* Dataset records
"""

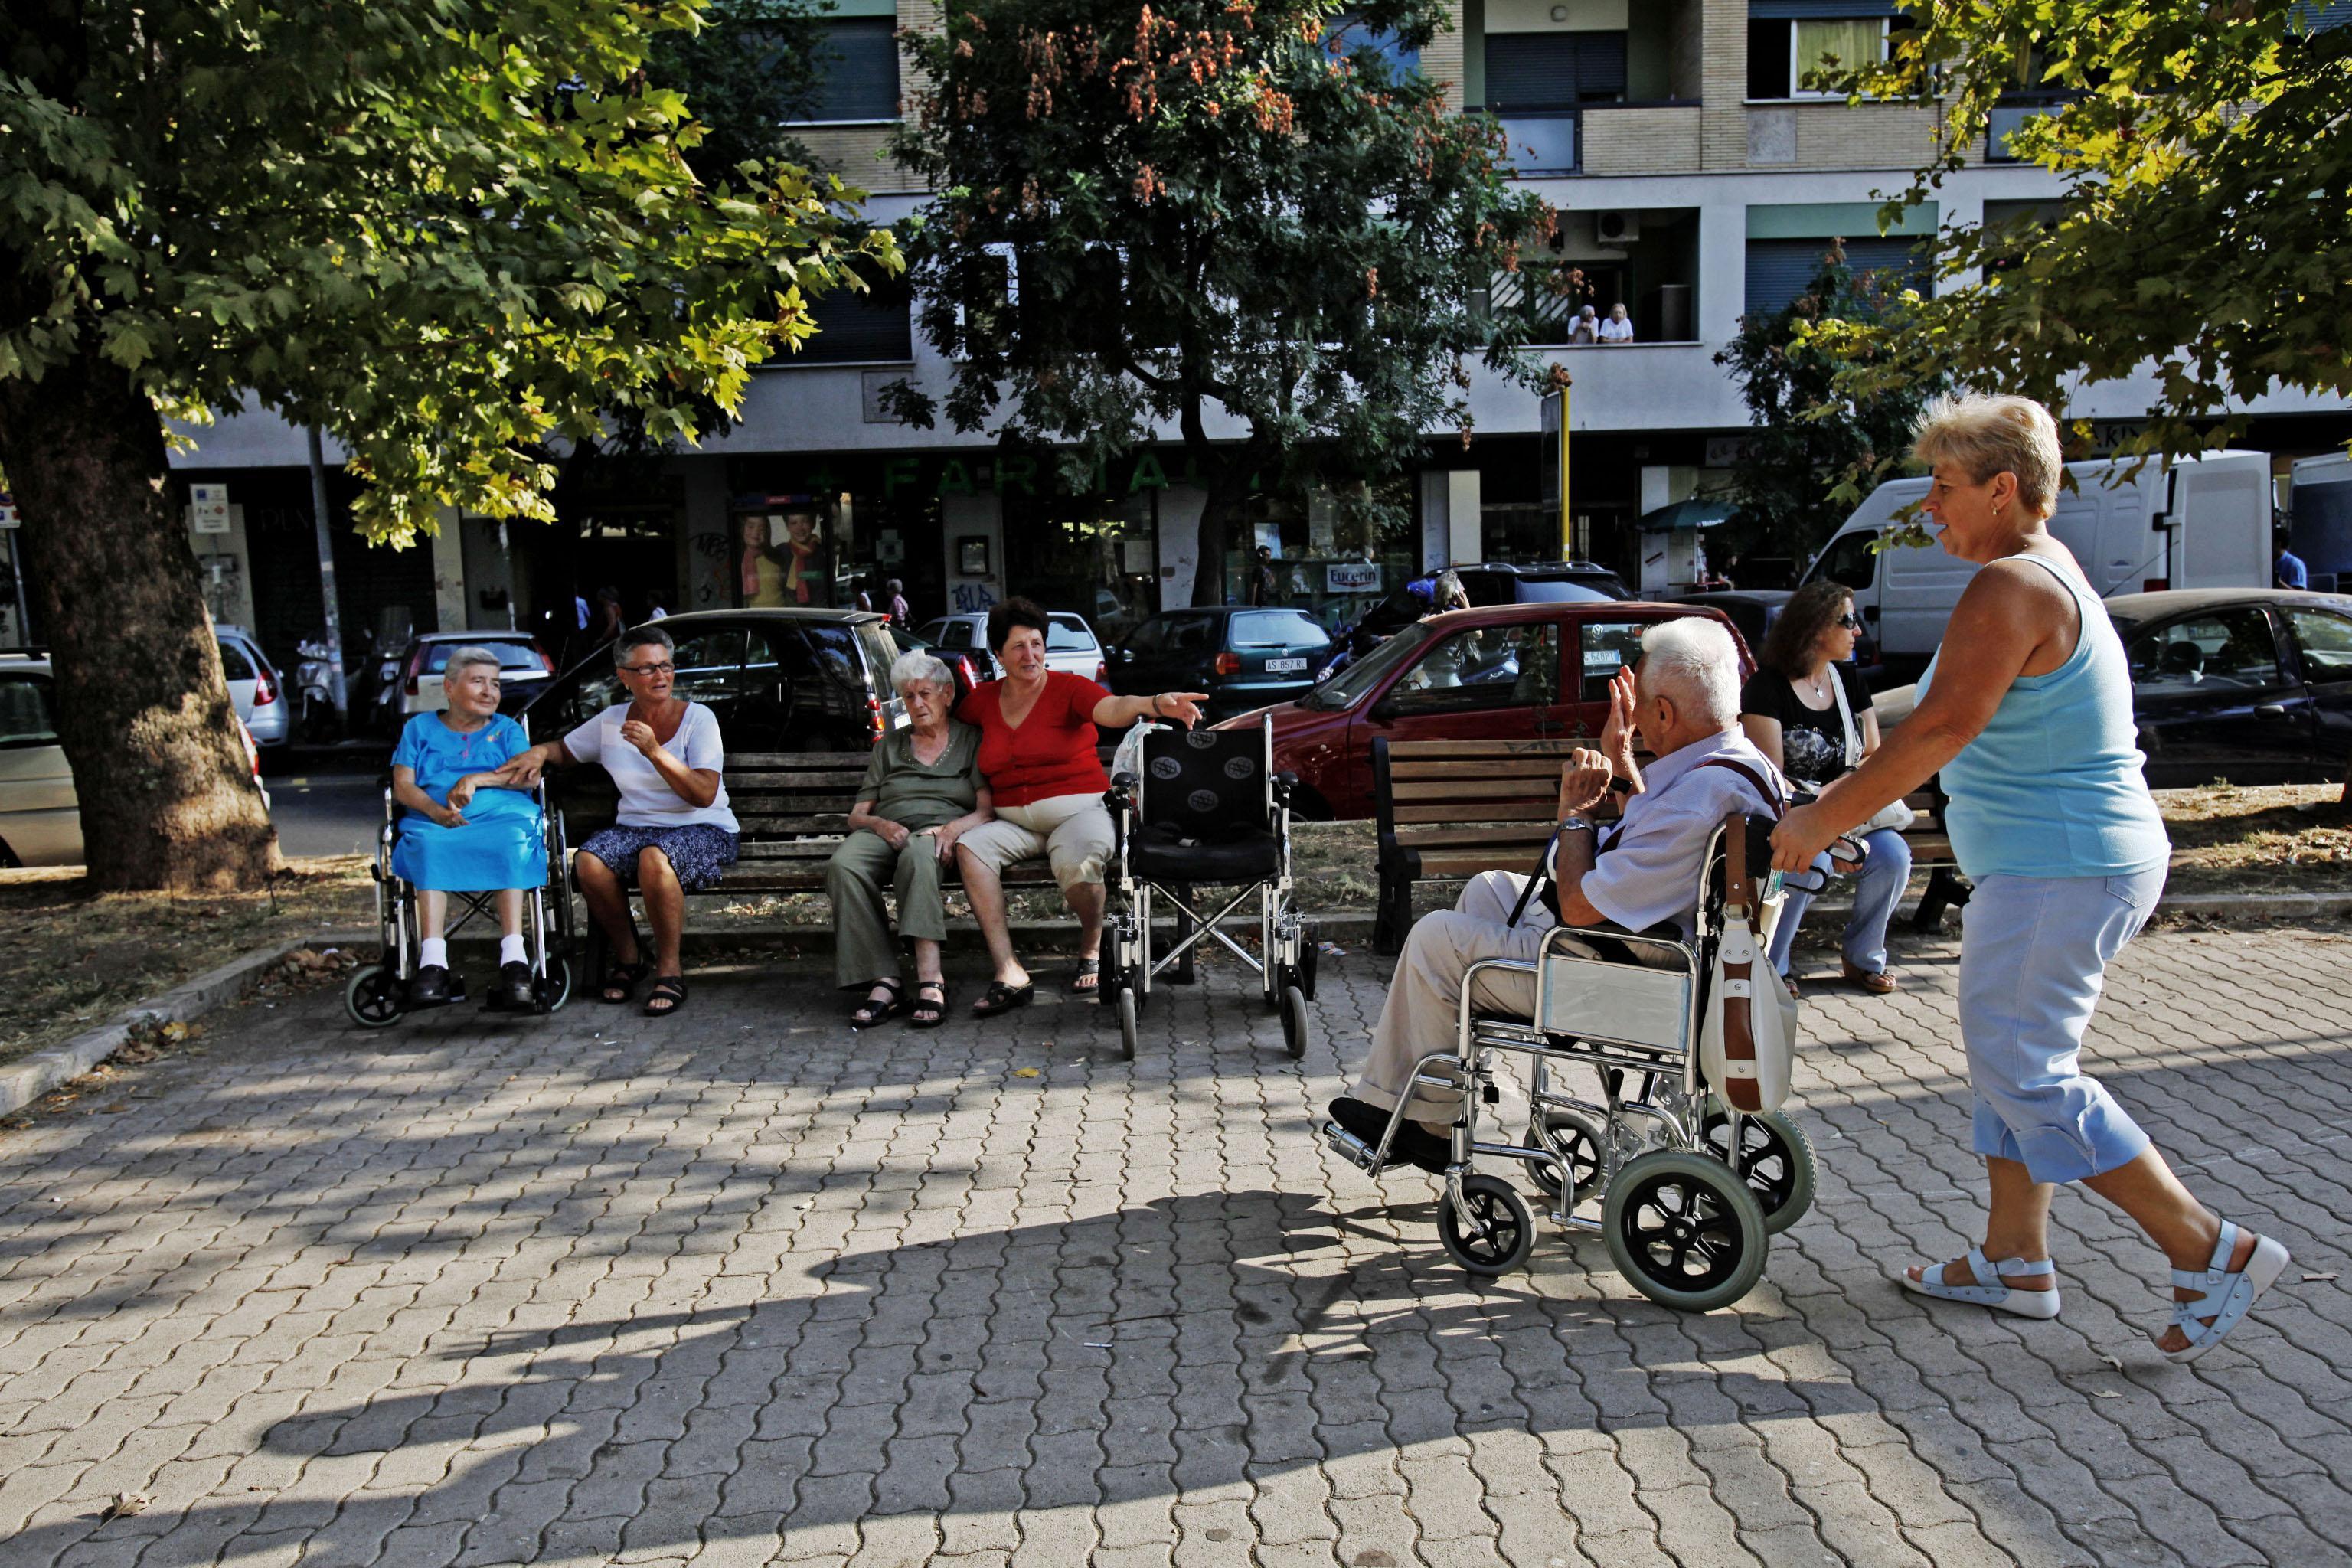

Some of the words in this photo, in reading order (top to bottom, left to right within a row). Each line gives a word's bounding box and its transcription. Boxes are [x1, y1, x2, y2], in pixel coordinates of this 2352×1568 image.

[1330, 568, 1376, 583] Eucerin
[1267, 661, 1276, 670] AS
[1280, 660, 1294, 668] 857
[1296, 659, 1305, 668] RL

"""

* How to complete this task
Could you transcribe the records above exactly, leaving out any pictures?

* Solution to this problem
Some of the words in this photo, in reading order (top to bottom, left to right within a row). Each line gives a word's bounding box and its transcription. Boxes are [x1, y1, x2, y2], in pixel coordinates of this 2352×1568 image.

[1330, 568, 1376, 583] Eucerin
[1267, 661, 1276, 670] AS
[1280, 660, 1294, 668] 857
[1296, 659, 1305, 668] RL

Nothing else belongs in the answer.